There’s a sad truth in today’s world: if something isn’t newsworthy, it doesn’t exist. It applies to environmental disasters, wars, and to humanitarian emergencies. It also applies to people. Pope Francis tells us in his September prayer intention and video, that “people who live on the margins” are in fact, “invisible.” Not because they really are, but because we have made them so, turning away from them: “we’ll get stiff necks from looking the other way,” he says, and wonders, “how we managed to reach this level of indifference.”
The sentence with which Pope Francis opens his monthly video is a snapshot of our world: “a homeless person who dies on the street will never appear on the first page of Internet search engines or news bulletins.” And so, in the continuation of the video, a hypothetical online search engine tries to accompany its keywords, showing what too often escapes our eyes and our hearts: “living on the margins,” and homeless people appear in the suburbs of the large cities of various continents and you see the enormous contrasts between shacks and skyscrapers only a few meters away from each other. Then in the video the efforts of many organizations – often Catholic – are brought to light, which give concrete answers that are away from the spotlight and the television cameras.

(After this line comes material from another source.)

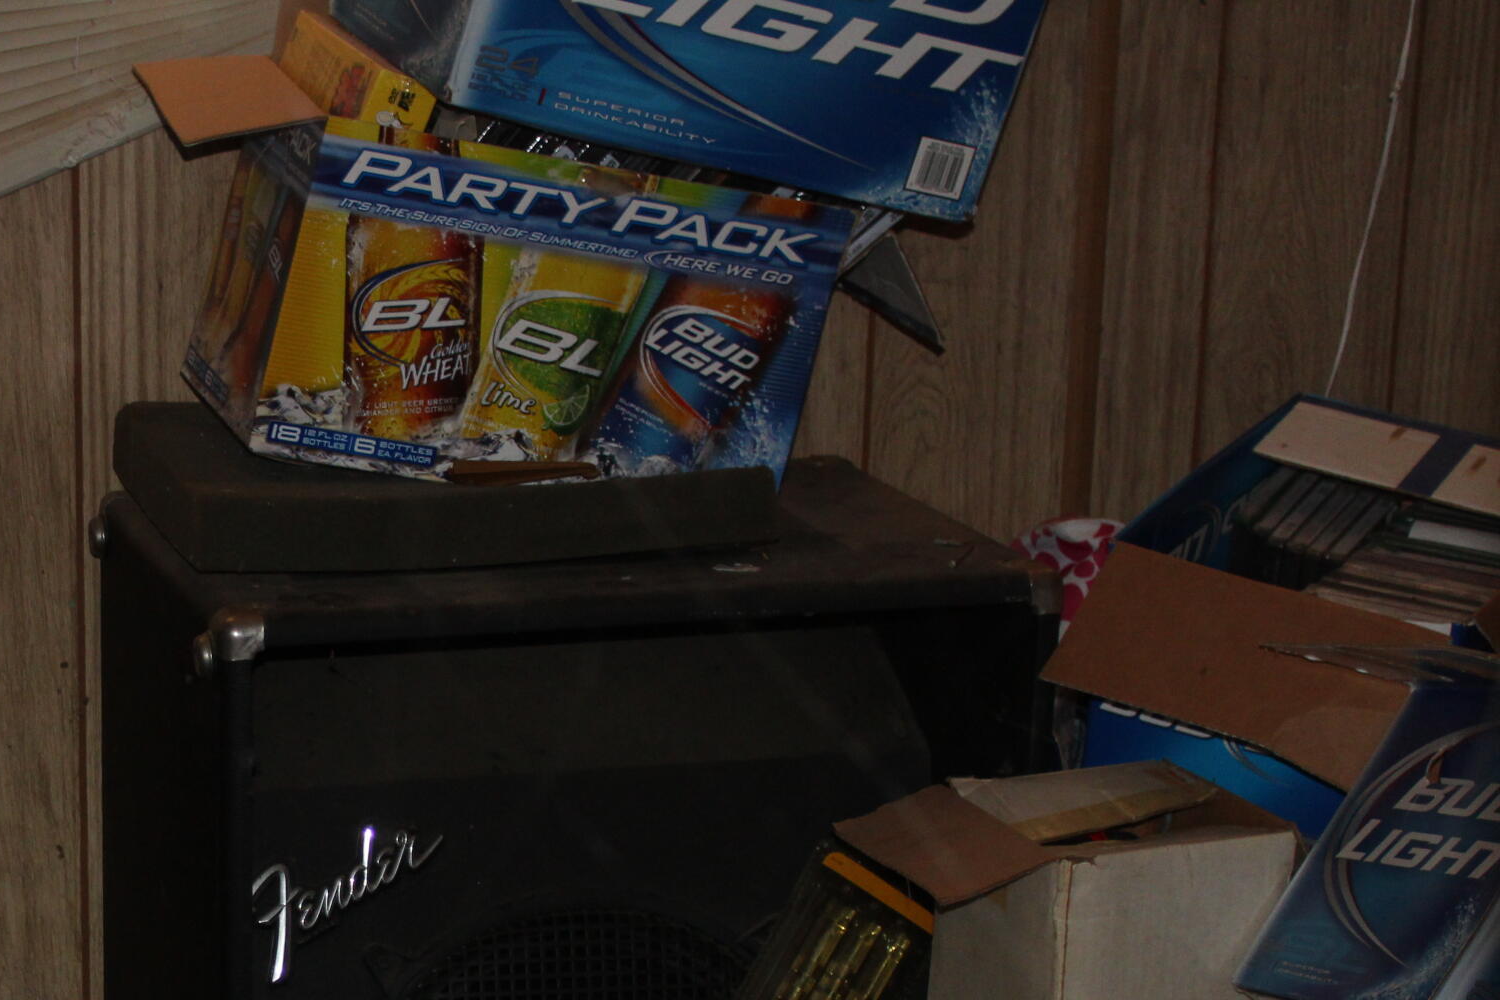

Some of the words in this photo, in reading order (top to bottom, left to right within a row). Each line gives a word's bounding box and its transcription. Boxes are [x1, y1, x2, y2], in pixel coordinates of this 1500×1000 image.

One can be on the margins of society in various ways, as Pope Francis recalls: “for reasons of poverty, addiction, mental illness or disability.” Whatever the cause, however, the result is the same: a culture – which dominates “our lives, our cities, our way of life” – “in which millions of men and women are worthless compared to economic profit.” Let us stop then, the Pope asks us, making them invisible. And “let us focus on hospitality”: on the culture “of hospitality, of giving a roof, of giving shelter, of giving love, and giving human warmth.”